(Information provided):
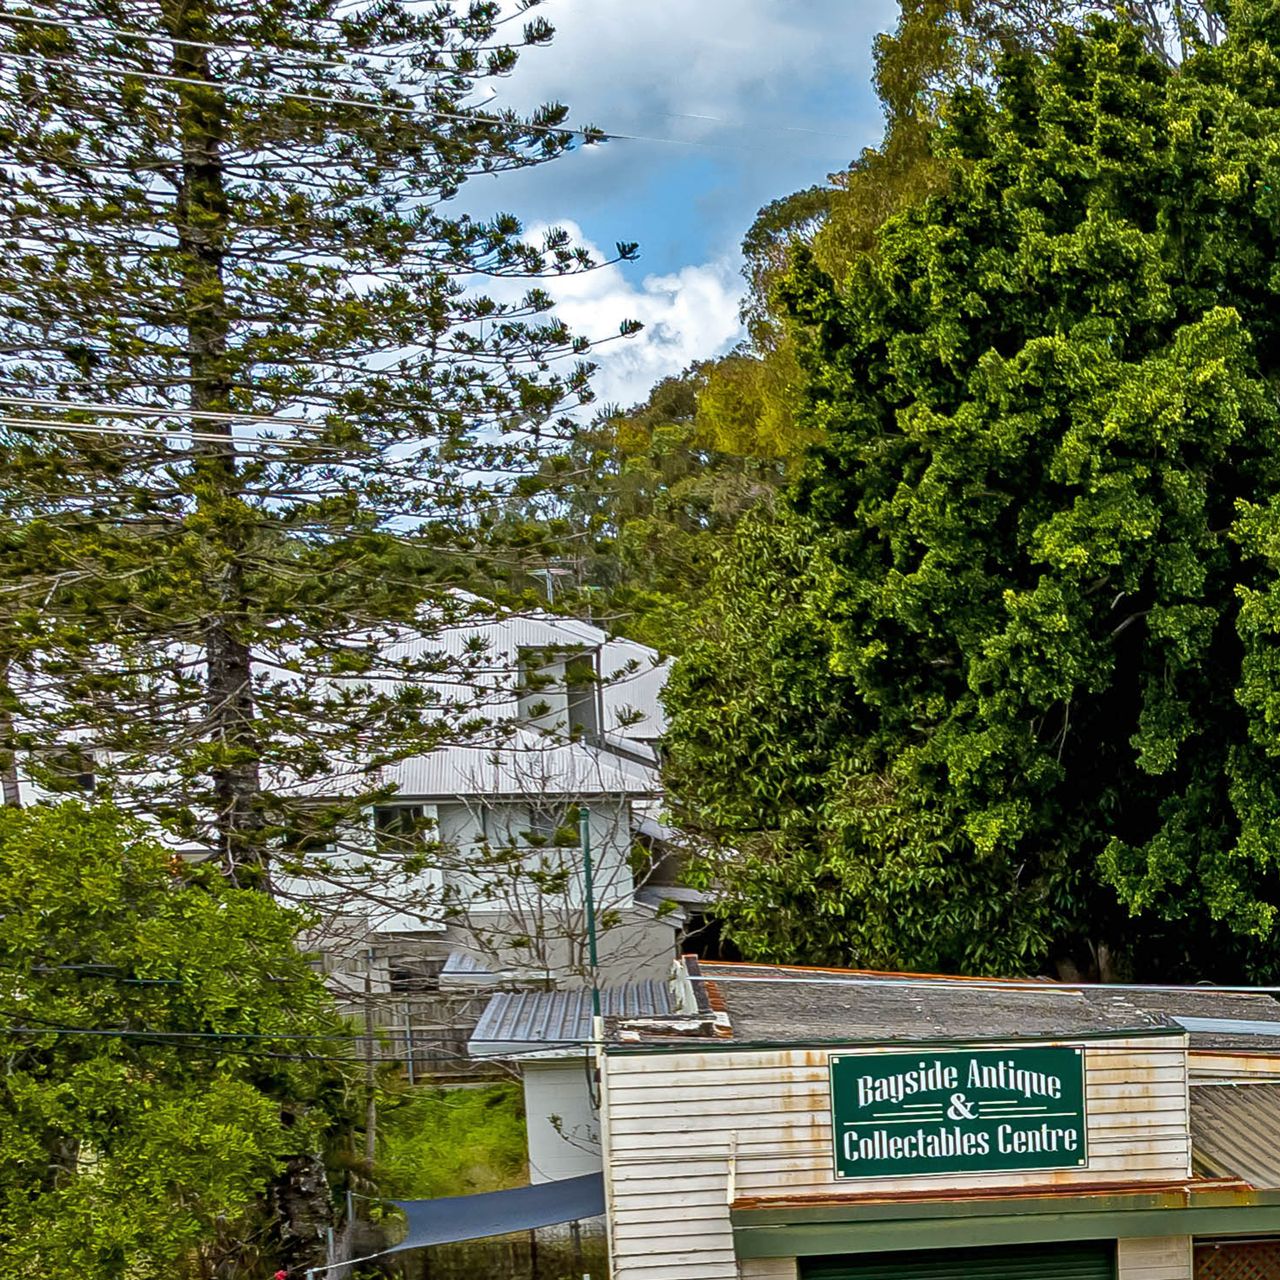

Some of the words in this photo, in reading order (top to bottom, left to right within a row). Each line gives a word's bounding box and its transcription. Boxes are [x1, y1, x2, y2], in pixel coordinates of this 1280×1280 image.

[857, 1060, 958, 1109] Bayside
[967, 1058, 1061, 1099] Antique
[947, 1092, 979, 1121] &
[843, 1126, 989, 1161] Collectables
[997, 1123, 1078, 1154] Centre

(Brief): Every line above should be transcribed word for word; leave the pictures out.

(Output for this task):
Some of the words in this photo, in reading order (top to bottom, left to right within a row). Each line gives a word's bounding box and its transcription. Boxes are [x1, y1, x2, y2], in pixel coordinates of this 1280×1280 image.

[857, 1060, 958, 1109] Bayside
[967, 1058, 1061, 1099] Antique
[947, 1092, 979, 1121] &
[843, 1126, 989, 1161] Collectables
[997, 1123, 1078, 1154] Centre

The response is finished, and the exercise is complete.